Fulton Gillespie On Why Drug Policy Should Be Turned On Its Head

I had been expecting Scott's death for some time. But when it came, just a
month from his 34th birthday, it was none the less devastating. The blow
was felt more keenly by his four siblings, especially his elder sister,
Fiona, who was closest to him and who had tried so hard for so long to help
him. But none of them, all drug-free, had suspected that he was so far down
the road. The last time I saw him, just four days before he died, I knew he
would not see 40 and said so. No one wanted to believe me.

Up to his early teens, his school reports would have won him a place in
heaven. He was everything any parent would have wished for - sensitive,
conscientious, well fitted into school life and so on. Then a fellow pupil,
a doctor's son, took some Valium tablets from his father's surgery and gave
some to Scott. There was the wholly-to-be-expected flurry of panic-stricken
letters between headmaster and parents, and the guilty boys were separated.

But Scott had tasted the forbidden fruit and, for reasons he could never
explain then or later, the taste and the danger appealed. None of the other
lads involved ended up on drugs, only Scott. After another episode with
pills when he was about 15, I sought advice from friends, doctors and
psychiatrists. There was much hand-wringing but nothing else.

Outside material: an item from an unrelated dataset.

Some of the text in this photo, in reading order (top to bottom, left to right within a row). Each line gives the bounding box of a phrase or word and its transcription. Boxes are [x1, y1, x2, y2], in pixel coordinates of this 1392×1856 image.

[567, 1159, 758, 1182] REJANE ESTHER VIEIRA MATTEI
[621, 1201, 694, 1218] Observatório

Taking a stronger tack, I marched him off to Cambridge police station,
where I had arranged for a chief inspector to receive us in full uniform. A
stern lecture concluded with Scott being banged up in a cell for five
minutes to give him a taste of what the future might hold. He was
singularly unimpressed. It began to dawn on me that the son I once had,
anxious to please, keen to play by the rules, was now rapidly slipping
away. Why? What had we done? What made him different from the rest of the
family? We didn't know then and we don't know now.

At age 17 came his first arrest for possession of amphetamine sulphate.
Stories in the local papers, family tears, public disgrace, embarrassment,
humiliation for him, and more hunting around to find someone, some place,
some service to help him. Nothing. A year later he was in court again on a
similar charge, and this time he was found a place in a probation hostel.
For a time, it looked as though he might find a new direction, but on his
release he headed for London and we lost him for good.

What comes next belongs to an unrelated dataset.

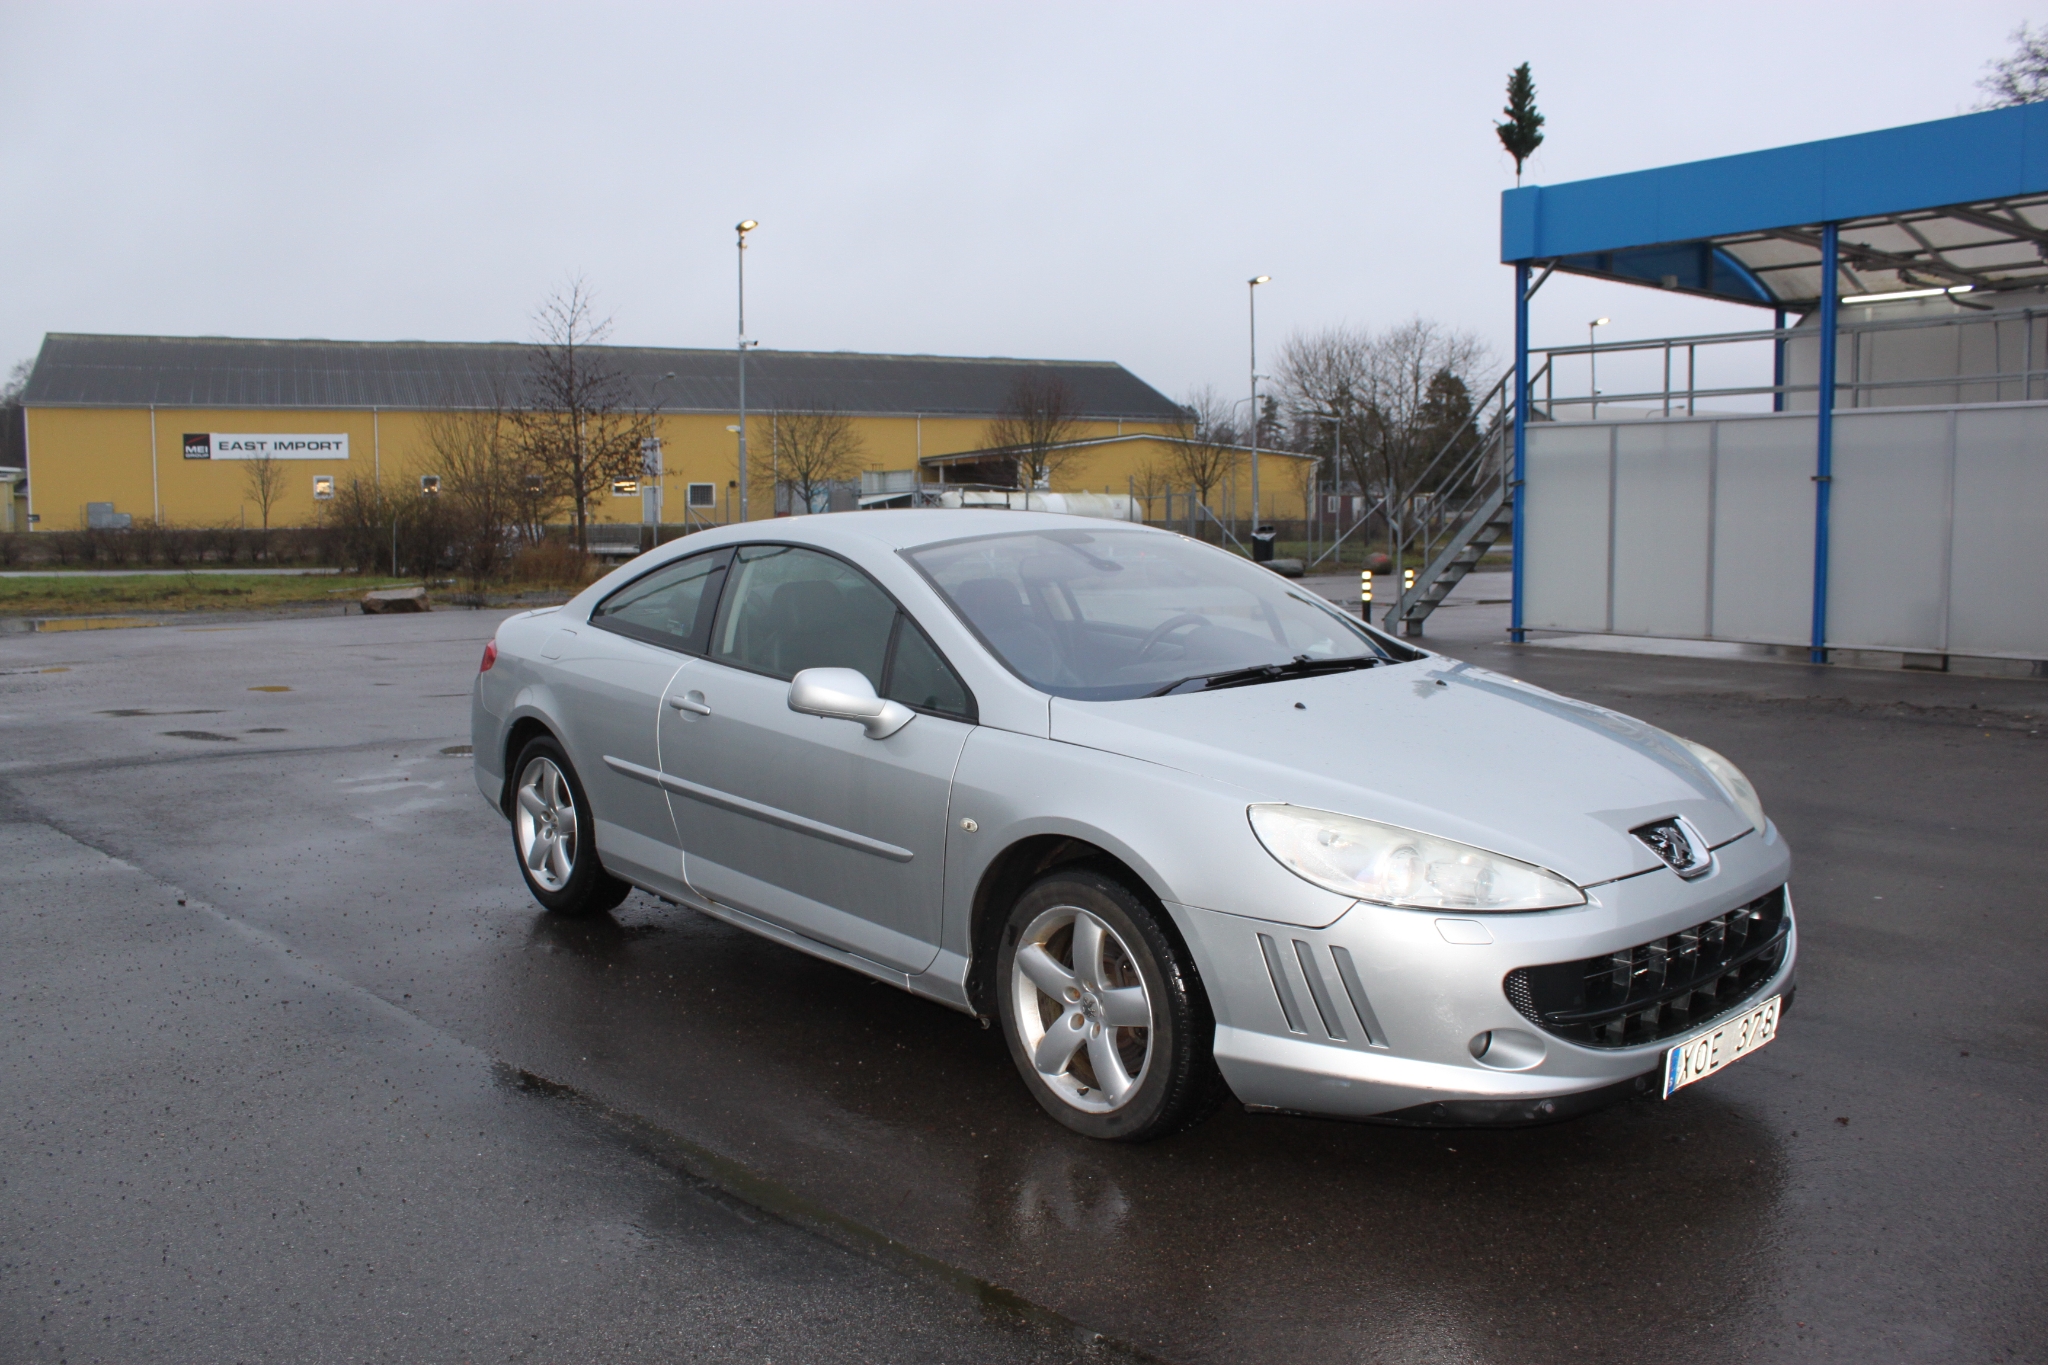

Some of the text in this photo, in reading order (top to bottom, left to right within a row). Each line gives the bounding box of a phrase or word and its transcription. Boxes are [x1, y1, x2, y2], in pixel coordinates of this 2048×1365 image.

[185, 445, 209, 454] MEI
[218, 441, 343, 451] EAST IMPORT

In the years up to his death, he kept in touch by letter and telephone,
particularly with Fiona, and occasionally he would visit, or he and I would
meet in a pub somewhere. His conversation was always about the pain of
existence in a world where two-thirds starved so one-third could live well.
He hated war, poverty and injustice, and felt powerless to alter things.
But he would always try to get back home for the family Christmas, and we
took heart from that, happy that he hadn't rejected us completely.

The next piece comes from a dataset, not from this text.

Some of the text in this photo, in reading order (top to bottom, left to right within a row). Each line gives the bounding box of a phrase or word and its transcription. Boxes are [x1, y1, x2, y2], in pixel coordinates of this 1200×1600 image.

On his last but one visit, I found him trying to steal from a handbag in
the kitchen. I said nothing because his confusion and embarrassment said
enough for both of us. I knew then, with total heartsink, that he was on
heroin, because that's what heroin addicts have to do - steal from anyone
or anywhere for cash to buy their stuff. This constant scraping around and
the toxicity and the malnutrition is what eventually kills the addict. At
his death, this tall, handsome, unaggressive misfit, who found the world so
difficult to live in, had 29 convictions for theft, all to buy adulterated
drugs.

He spent the last five weeks before his death on remand for theft. He
turned out to be innocent and was released. I picked him up and drove him
to his flat. He was drawn and tired. He didn't want to come for a meal, he
said, he just wanted to get his head down. My last words to him were:
"Well, make sure you keep your head down." His parting words were: "Don't
worry, dad. I'll be all right." Four days later he died, asleep in the arms
of the old harlot, heroin.

On the wall of his flat we found this hand-written valediction to the drug:

The hot chills and cold sweats, the withdrawal pains,

Can only be stopped by my little white grains.

There's no other way and no need to look,

For deep down inside you know you are hooked.

You'll give up your morals, your conscience, your heart,

And you will be mine until death us do part.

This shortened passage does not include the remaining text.